Изгрызенный временем истончившийся кухонный нож неохотно поддевал ледышки и с недовольным звоном запускал их на выщербленный под. Сначала Лидс бережно подбирал их и терпеливо нёс в раковину, но потом махнул рукой. Растают, оставят лишь небольшую лужицу, что быстро уйдёт в и так давно разбухшие от влаги доски.
Вместе с отвернувшейся от своих обязанностей осенью, исчезли и деньги. Футболки, поло, рубашки и лёгкие куртки, модных среди околофутбольного движения брендов, уже никто не покупал. А зимних вещей почти не было. Парнишка-поставщик, старательно таскавший через границу с «незалежной» тюки с фирменным британским и итальянским шмотом, считал перевозку громоздких толстых свитеров и курток делом хлопотным и не очень прибыльным. Объём большой, но не соответствующий морже. К тому же, летние шмотки раскупают, как горячие пирожки, чтоб по одной на каждый день недели. А зимняя одёжка носится пару лет, как минимум.
С ремонтом квартир тоже дела шли ни шатко ни валко. Словно с наступлением холодов всех и каждого стало вполне устраивать внутренне убранство жилищ. И даже «стройварианты», казалось, застыли в первозданной бетонной серости, в ожидании тёплых деньков. Были лишь мелкие заказы: переклеить обои в одной комнате, побелить залитый соседями потолок — мелочёвка, да и то редко.
Обычно, человек, зарабатывающий себе на жизнь «сезонным трудом», откладывает на «худые месяцы» и сонным медведем впадает в блаженный отпуск, потихонечку таская купюры из жирной копилки. Однако, как и у подавляющего большинства жителей постсоветского пространства, накопления заканчивались на третьем походе в магазин. Социалистическое прошлое приучило народ к застойной стабильности. С этой привычкой люд оголтело перекатился в новое время, совсем забыв о том, что оно новое. Государство перестало думать за своих подданных, но забыло научить их мыслить самостоятельно. В этой бездумности бывшие пионеры и комсомольцы воспитывали и тех, кто так и не успел примерить, ни красный галстук, ни значок-звёздочку, с профилем бессмертного Ильича.
Очередная льдинка полетела на пол, звонко брякнула, проехалась по доске, оставляя за собой мокрый прямой хвост.
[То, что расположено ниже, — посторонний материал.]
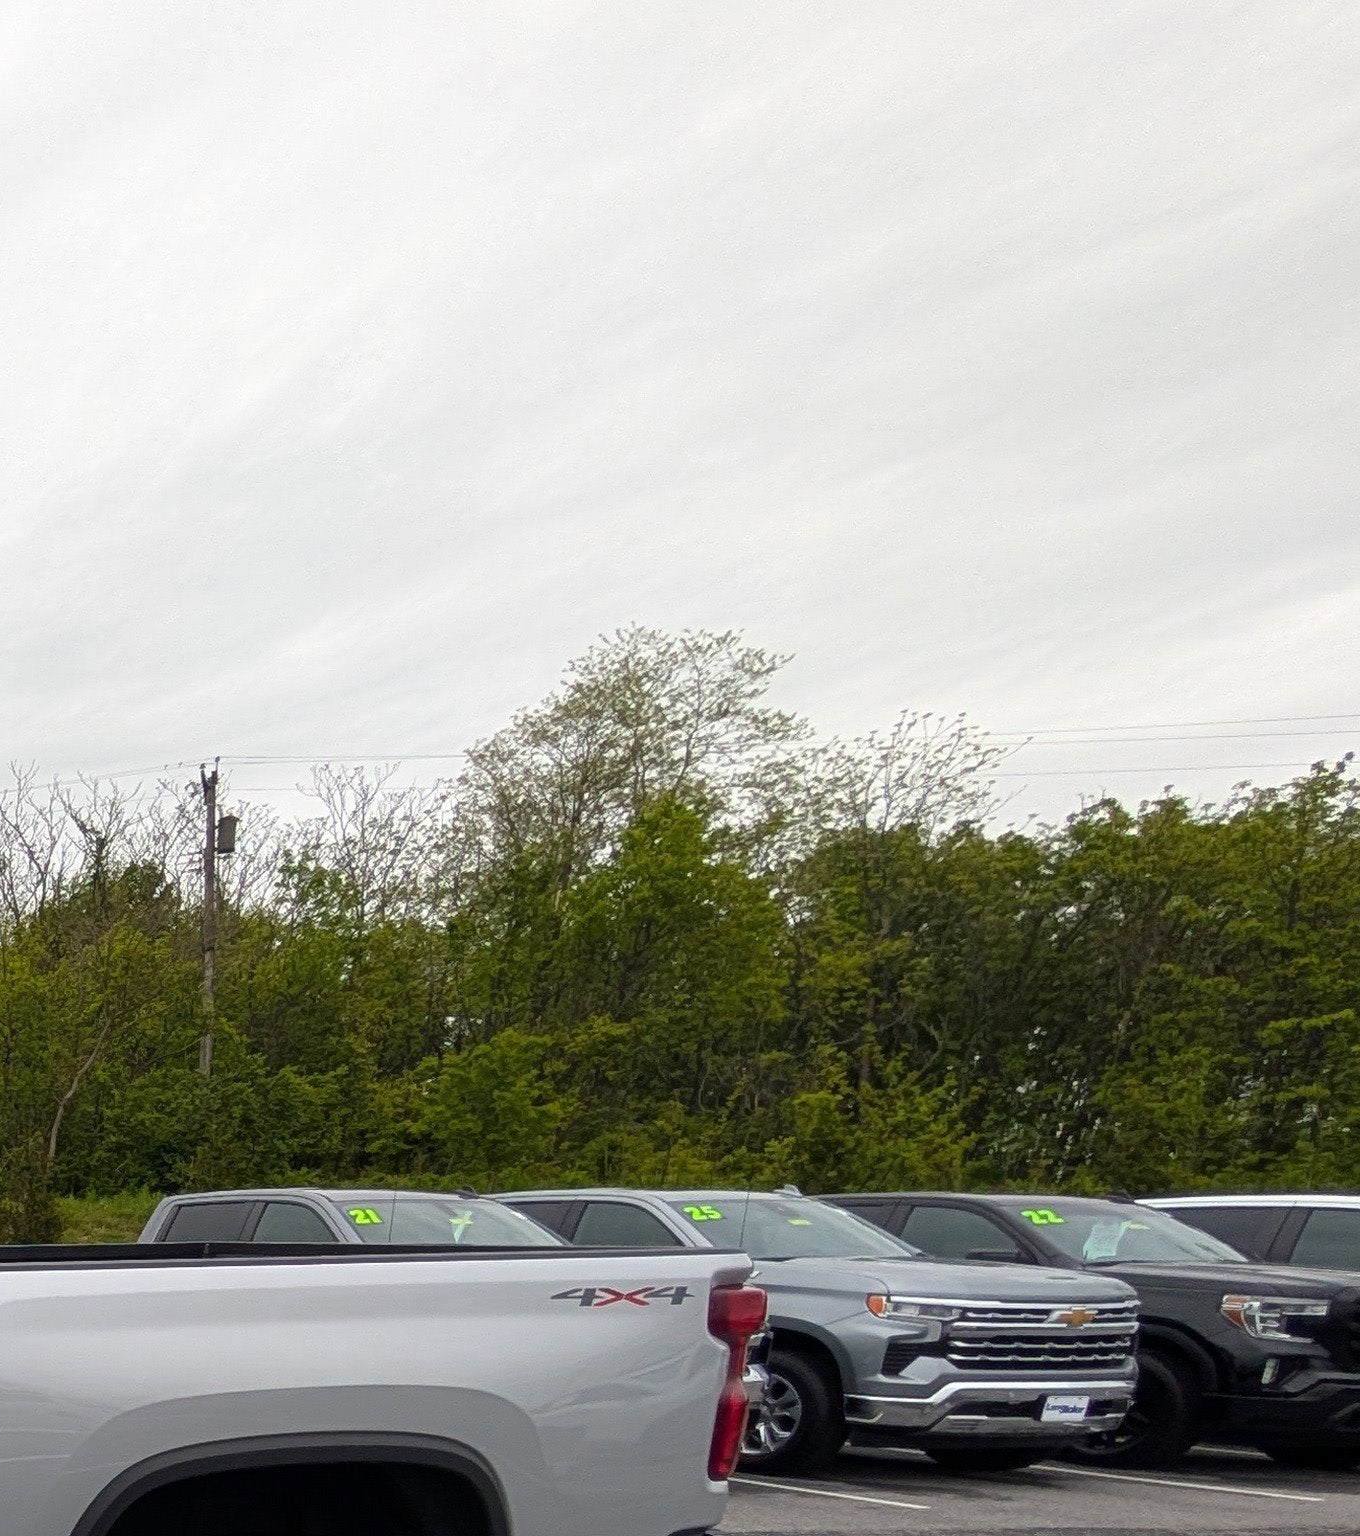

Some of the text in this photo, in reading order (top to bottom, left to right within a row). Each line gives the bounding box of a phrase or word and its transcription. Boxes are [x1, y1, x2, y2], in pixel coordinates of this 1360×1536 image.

[347, 1207, 383, 1226] 21
[682, 1204, 723, 1222] 25
[1020, 1208, 1065, 1226] 22
Лидс нахмурился, пнул влажную стекляшку под кровать. Со скепсисом глянул на свободное от наледи стекло. Про себя подумал о том, что всё без толку. Ночью упрямая корка снова поползёт со всех щелей, меж рамой и плохо подогнанным стеклом, и через пару дней все придётся начинать сначала.
Дверной замок жалобно скрипнул, крякнул металлическим языком. По ногам потянул холод сквозняка. Оля была похожа на промокшего воробушка — воротник нахохлился искусственным мехом, поросшим худым покрывалом ледяной крошки, голова втянута в плечи, спинка снова сгорблена.
— Не горбься! — не преминул сделать замечание брат.
— Вот пойди и пройдись по этой холодрыге! — уперевшись носочком в пятку, стягивала сестра сапоги. — Я посмотрю, как ты не сгорбишься!
— Сильно холодно?
— А как ты думаешь?! Снег идёт. Зима, блин…
— Как всегда нежданно, — усмехнулся Лидс, взял протянутые сестрой пакеты, водрузил на «шрамированный» на последние недели кухонный стол. Разделочную доску вспоминалось купить лишь тогда, когда лезвие упиралось в терпеливую до издевательств столешницу. — Голодная? — поинтересовался брат, заглядывая в пакет.
— Голодная, — стянула Оля пуховик, встала рядом, прискорбно кивнула на покупки. — Это всё на что хватило денег, — принялась она наскоро выкладывать на стол нехитрые харчи. — Паштета пару банок, хлеб, макароны, крупы, вот, две пачки взяла, бумага туалетная…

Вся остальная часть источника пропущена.